Maryam B Lustberg, Tanios Bekaii-Saab, Donn Young, Gregory Otterson, William Burak, Abbas Abbas, Barbara McCracken-Bussa, Mark E Lustberg, Miguel A Villalona-Calero, Maryam B Lustberg, Tanios Bekaii-Saab, Donn Young, Gregory Otterson, William Burak, Abbas Abbas, Barbara McCracken-Bussa, Mark E Lustberg, Miguel A Villalona-Calero

Abstract

Background: Based on the observation of topoisomerase-1, upregulation by mitomycin C (MMC), and the phase I antitumor activity of sequential MMC/irinotecan in esophageal cancer, we conducted a phase II evaluation of two schedules of this combination in previously untreated stage III/IV esophageal/gastroesophageal junction adenocarcinomas.

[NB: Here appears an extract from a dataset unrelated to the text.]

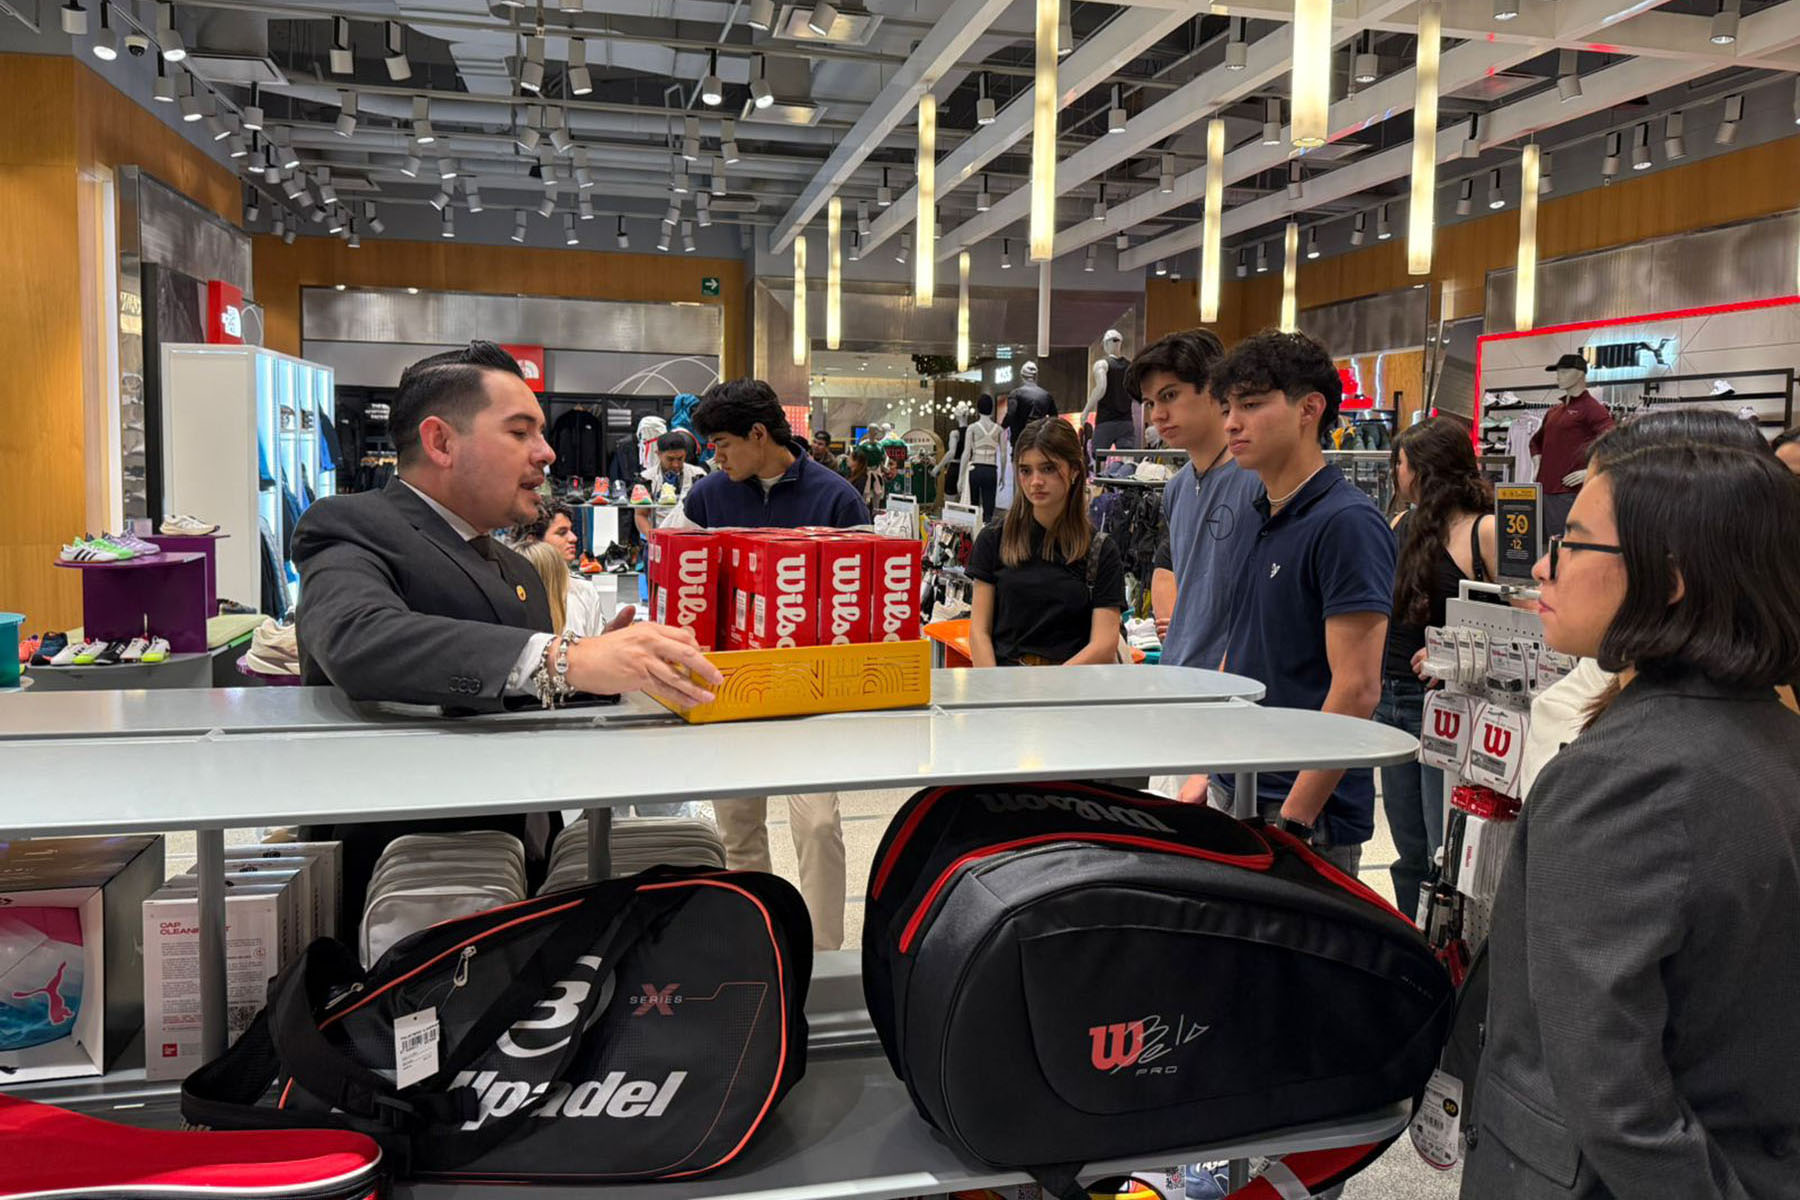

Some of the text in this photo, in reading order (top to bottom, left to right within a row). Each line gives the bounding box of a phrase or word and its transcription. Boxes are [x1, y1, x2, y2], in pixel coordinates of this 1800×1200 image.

Patients and methods: Patients (n = 76) were randomized to either 6 mg/m MMC on day 1 and 125 mg/m irinotecan on days 2 and 9 (arm A) or 3 mg/m MMC on days 1 and 8 and 125 mg/m irinotecan on days 2 and 9 (arm B). Each cycle was repeated every 28 days. Restaging was planned after two cycles, and resections were performed whenever possible. A two-stage Simon minimax design was used for each arm, with a "pick-the-winner" approach based on efficacy.

Results: The response rate (complete response + partial response) in 73 evaluable patients was 52% (21 of 40 patients) for arm A and 33% (11/33) for arm B. Moderate or severe toxicity was similar. Twenty-seven patients were resected (20:7, arm A:B). There was one complete pathologic response; five others were node negative.

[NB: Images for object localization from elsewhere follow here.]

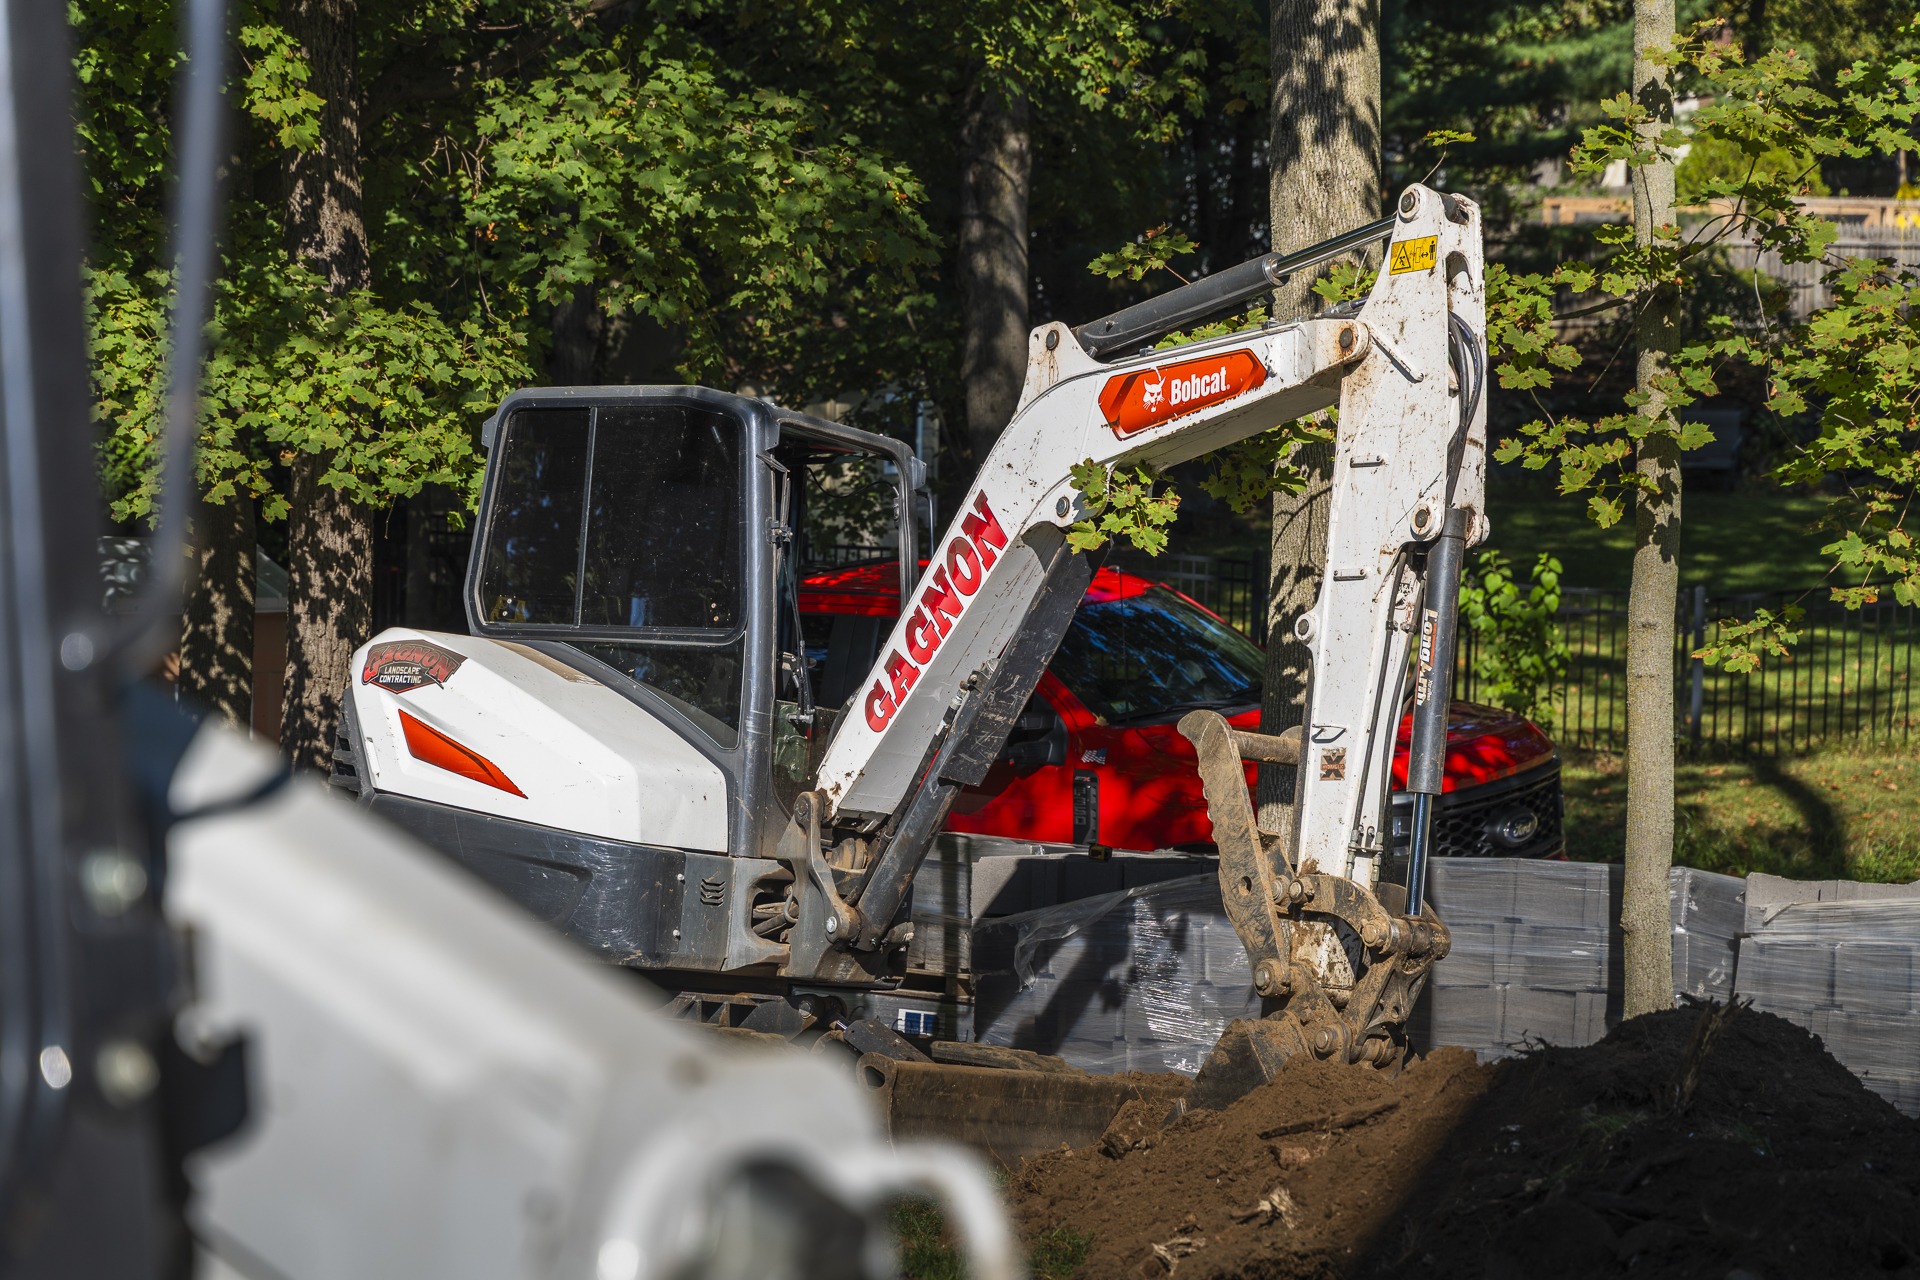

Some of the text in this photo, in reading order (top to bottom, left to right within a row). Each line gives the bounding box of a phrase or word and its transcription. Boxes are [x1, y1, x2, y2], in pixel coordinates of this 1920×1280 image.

[1170, 366, 1227, 406] Bobcat
[865, 489, 1008, 733] GAGNON
[362, 644, 459, 683] GAGNON
[379, 675, 422, 684] CONTRACTING
[384, 666, 421, 675] LANDSCAPE

Conclusion: Irinotecan/MMC is feasible in esophageal/gastroesophageal junction adenocarcinoma. MMC (6 mg/m) every 28 days for up to six cycles is the recommended modulatory dose for irinotecan in future trials.

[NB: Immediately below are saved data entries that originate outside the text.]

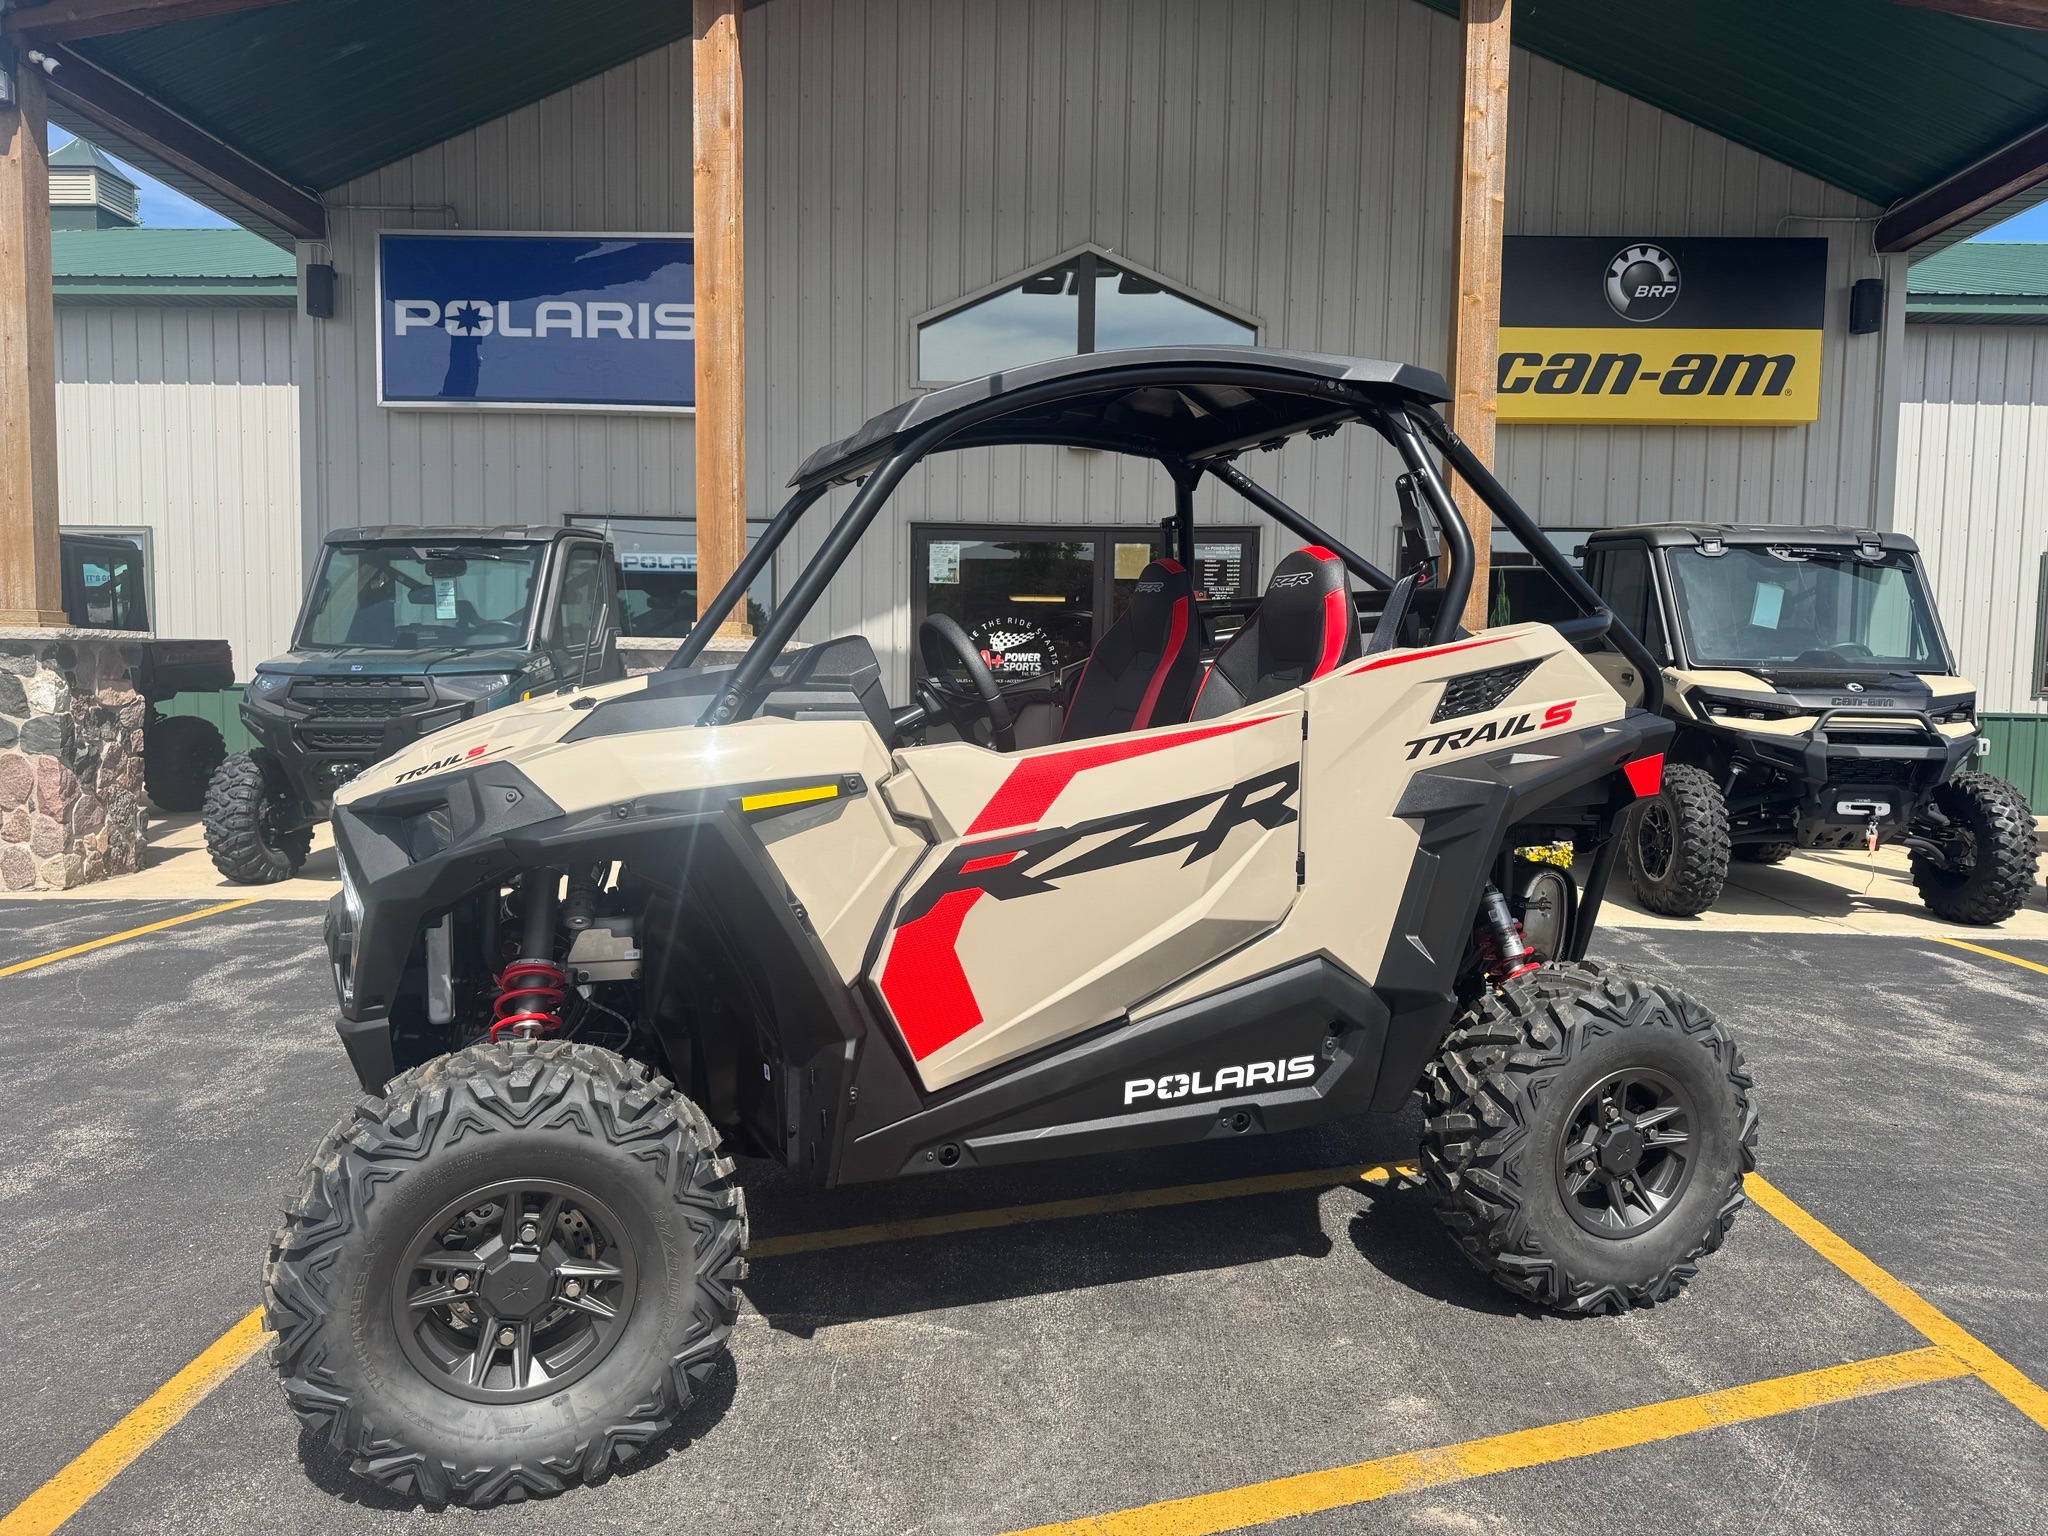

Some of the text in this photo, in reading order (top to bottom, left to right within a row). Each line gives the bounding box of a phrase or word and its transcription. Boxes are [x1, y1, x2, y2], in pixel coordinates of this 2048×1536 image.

[1634, 285, 1677, 298] BRP
[394, 299, 695, 340] POLARIS
[86, 574, 100, 582] IT'S
[1270, 571, 1314, 589] RZR
[1134, 581, 1165, 593] RZR
[981, 617, 1059, 665] THE RIDE STARTS
[526, 656, 550, 671] XP
[1004, 653, 1041, 662] POWER
[1003, 662, 1041, 671] SPORTS
[1831, 697, 1895, 707] can-am
[1404, 700, 1577, 761] TRAIL S
[395, 744, 488, 784] TRAIL S
[893, 761, 1300, 930] RZR
[1123, 1054, 1316, 1105] POLARIS

Conflict of interest statement

Disclosure: Tanios Bekaii-Saab, MD, is a paid consultant and is on the speaker bureau for Pfizer, the manufacturer of Irinotecan. The other authors declare no conflicts of interest.

Figures

FIGURE 1
FIGURE 1
A, Plot of percentage change in computed tomography (CT) tumor size by arm. Individual percentage change in tumor size by CT scan according to the treatment arm (n = 30). B, Plot of percentage change in standard uptake values (SUV) by arm. Individual percentage change in tumor SUV by positron emission tomography according to the treatment arm (n = 38). Two additional patients with progressive disease because of new metabolic lesions were not included.
FIGURE 2
FIGURE 2
A, Kaplan-Meier plots of progression free survival by percentage change in standard uptake values (SUV). Kaplan-Meier plots showing progression-free survival according to percent decreases in SUV >25% and <25%. There is a statistically significant difference between patients with and without a metabolic response (P = 0.02). B, Kaplan-Meier plots of overall survival by percentage change in SUV. Kaplan-Meier plots showing overall survival according to percent decreases in SUV >25% and <25%. There is a statistically significant difference between patients with and without a metabolic response (P = 0.006).